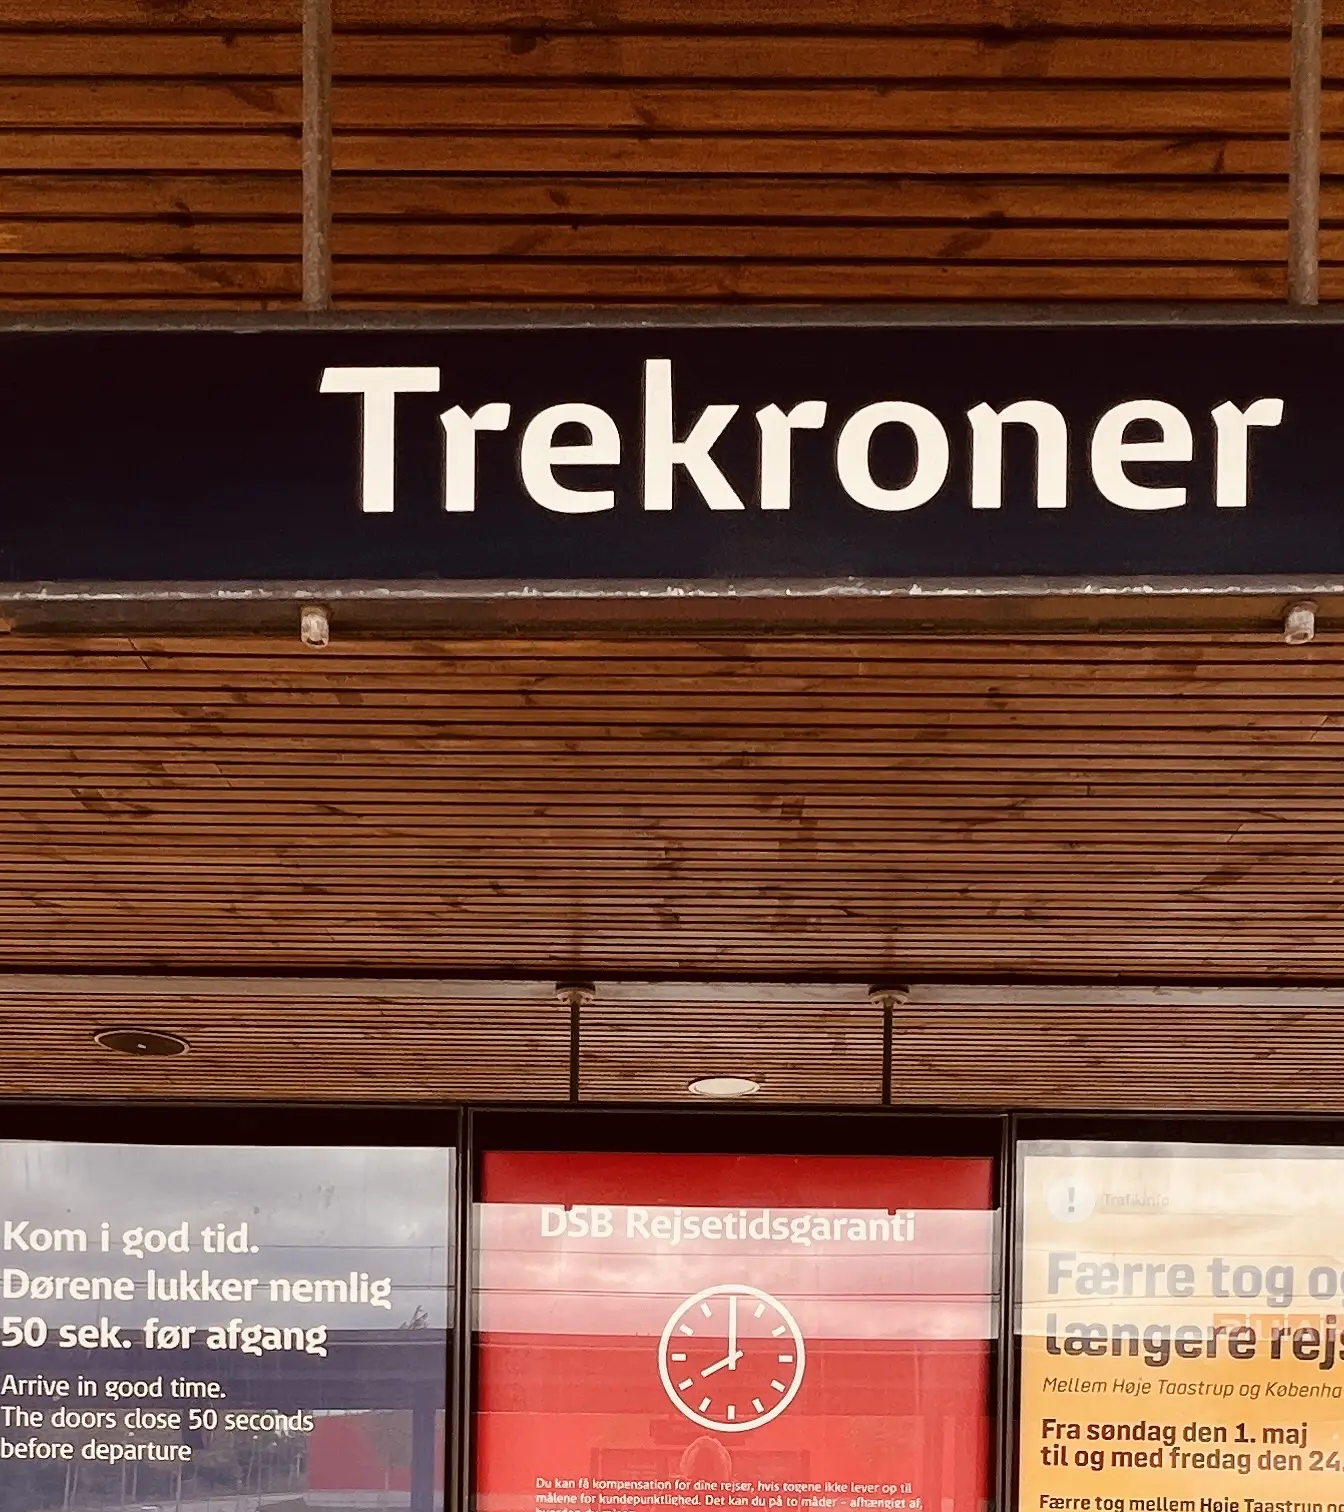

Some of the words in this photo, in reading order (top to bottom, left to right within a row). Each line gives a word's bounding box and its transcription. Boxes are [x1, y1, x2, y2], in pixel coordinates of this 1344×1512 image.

[318, 357, 1285, 513] Trekroner
[4, 1221, 86, 1251] Kom
[101, 1222, 108, 1251] i
[123, 1221, 188, 1259] god
[201, 1222, 260, 1253] tid.
[541, 1206, 613, 1238] DSB
[626, 1208, 915, 1246] Rejsetidsgaranti
[3, 1268, 134, 1300] Dørene
[147, 1269, 258, 1302] lukker
[270, 1271, 391, 1309] nemlig
[1047, 1251, 1195, 1299] Færre
[1206, 1256, 1294, 1308] tog
[2, 1317, 46, 1347] 50
[59, 1317, 132, 1349] sek.
[143, 1318, 196, 1349] før
[207, 1319, 326, 1357] afgang
[1046, 1312, 1257, 1367] længere
[1, 1374, 69, 1395] Arrive
[78, 1376, 96, 1396] in
[105, 1376, 162, 1400] good
[171, 1376, 225, 1398] time.
[1042, 1377, 1107, 1392] Mellem
[1112, 1378, 1151, 1396] Høje
[1158, 1379, 1234, 1398] Taastrup
[1238, 1384, 1261, 1400] og
[0, 1406, 43, 1430] The
[51, 1406, 116, 1428] doors
[125, 1407, 180, 1429] close
[189, 1408, 217, 1429] 50
[225, 1408, 313, 1433] seconds
[1041, 1418, 1080, 1439] Fra
[1086, 1419, 1176, 1446] søndag
[1182, 1421, 1226, 1442] den
[1234, 1422, 1255, 1443] 1.
[1262, 1421, 1307, 1448] maj
[1, 1437, 73, 1459] before
[82, 1438, 191, 1465] departure
[1040, 1444, 1068, 1466] til
[1074, 1450, 1104, 1470] og
[1111, 1447, 1162, 1468] med
[1169, 1446, 1250, 1473] fredag
[1257, 1449, 1301, 1470] den
[536, 1477, 551, 1488] Du
[555, 1478, 575, 1488] kan
[577, 1478, 589, 1488] få
[592, 1478, 671, 1491] kompensation
[674, 1479, 692, 1490] for
[693, 1480, 717, 1490] dine
[720, 1482, 754, 1493] rejser,
[757, 1480, 779, 1491] hvis
[783, 1482, 820, 1493] togene
[824, 1482, 848, 1492] ikke
[850, 1482, 878, 1495] lever
[881, 1484, 897, 1495] op
[900, 1484, 912, 1493] til
[1039, 1494, 1090, 1510] Færre
[1094, 1496, 1124, 1512] tog
[1129, 1496, 1195, 1512] mellem
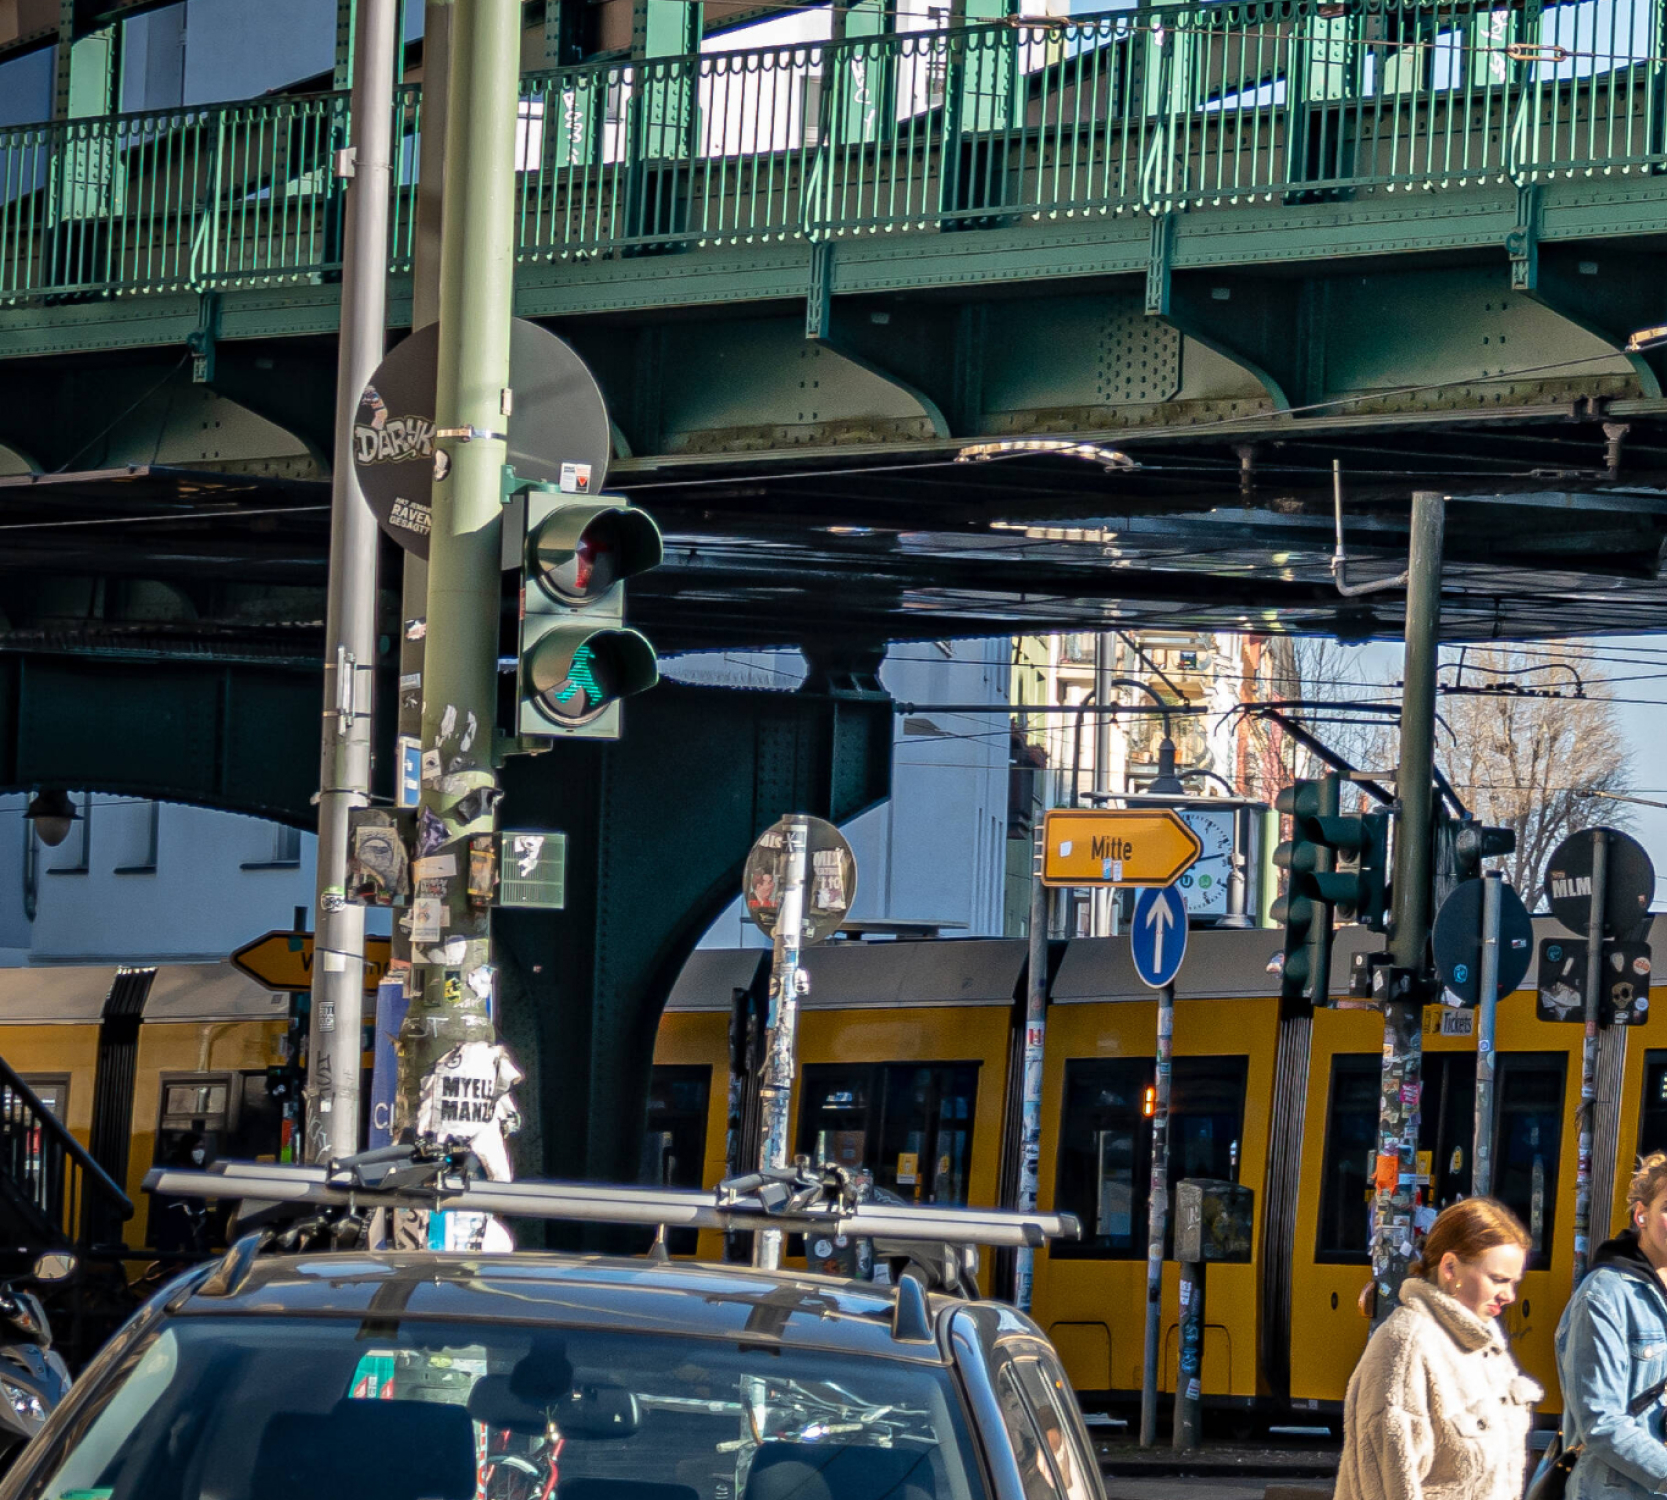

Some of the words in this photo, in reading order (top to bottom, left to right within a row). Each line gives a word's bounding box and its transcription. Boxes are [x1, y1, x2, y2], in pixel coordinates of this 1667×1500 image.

[1091, 835, 1133, 861] Mitte
[1552, 876, 1593, 899] MLM
[1444, 1010, 1472, 1034] Tickets

**Exercise:**
Pictures do not belong in the copy. Reproduce the rest of the data exactly.

**Problem solution:**
Some of the words in this photo, in reading order (top to bottom, left to right within a row). Each line gives a word's bounding box and its transcription. Boxes are [x1, y1, x2, y2], in pixel coordinates of this 1344×1512 image.

[318, 357, 1285, 513] Trekroner
[4, 1221, 86, 1251] Kom
[101, 1222, 108, 1251] i
[123, 1221, 188, 1259] god
[201, 1222, 260, 1253] tid.
[541, 1206, 613, 1238] DSB
[626, 1208, 915, 1246] Rejsetidsgaranti
[3, 1268, 134, 1300] Dørene
[147, 1269, 258, 1302] lukker
[270, 1271, 391, 1309] nemlig
[1047, 1251, 1195, 1299] Færre
[1206, 1256, 1294, 1308] tog
[2, 1317, 46, 1347] 50
[59, 1317, 132, 1349] sek.
[143, 1318, 196, 1349] før
[207, 1319, 326, 1357] afgang
[1046, 1312, 1257, 1367] længere
[1, 1374, 69, 1395] Arrive
[78, 1376, 96, 1396] in
[105, 1376, 162, 1400] good
[171, 1376, 225, 1398] time.
[1042, 1377, 1107, 1392] Mellem
[1112, 1378, 1151, 1396] Høje
[1158, 1379, 1234, 1398] Taastrup
[1238, 1384, 1261, 1400] og
[0, 1406, 43, 1430] The
[51, 1406, 116, 1428] doors
[125, 1407, 180, 1429] close
[189, 1408, 217, 1429] 50
[225, 1408, 313, 1433] seconds
[1041, 1418, 1080, 1439] Fra
[1086, 1419, 1176, 1446] søndag
[1182, 1421, 1226, 1442] den
[1234, 1422, 1255, 1443] 1.
[1262, 1421, 1307, 1448] maj
[1, 1437, 73, 1459] before
[82, 1438, 191, 1465] departure
[1040, 1444, 1068, 1466] til
[1074, 1450, 1104, 1470] og
[1111, 1447, 1162, 1468] med
[1169, 1446, 1250, 1473] fredag
[1257, 1449, 1301, 1470] den
[536, 1477, 551, 1488] Du
[555, 1478, 575, 1488] kan
[577, 1478, 589, 1488] få
[592, 1478, 671, 1491] kompensation
[674, 1479, 692, 1490] for
[693, 1480, 717, 1490] dine
[720, 1482, 754, 1493] rejser,
[757, 1480, 779, 1491] hvis
[783, 1482, 820, 1493] togene
[824, 1482, 848, 1492] ikke
[850, 1482, 878, 1495] lever
[881, 1484, 897, 1495] op
[900, 1484, 912, 1493] til
[1039, 1494, 1090, 1510] Færre
[1094, 1496, 1124, 1512] tog
[1129, 1496, 1195, 1512] mellem

Some of the words in this photo, in reading order (top to bottom, left to right within a row). Each line gives a word's bounding box and its transcription. Boxes are [x1, y1, x2, y2], in pixel coordinates of this 1667×1500 image.

[1091, 835, 1133, 861] Mitte
[1552, 876, 1593, 899] MLM
[1444, 1010, 1472, 1034] Tickets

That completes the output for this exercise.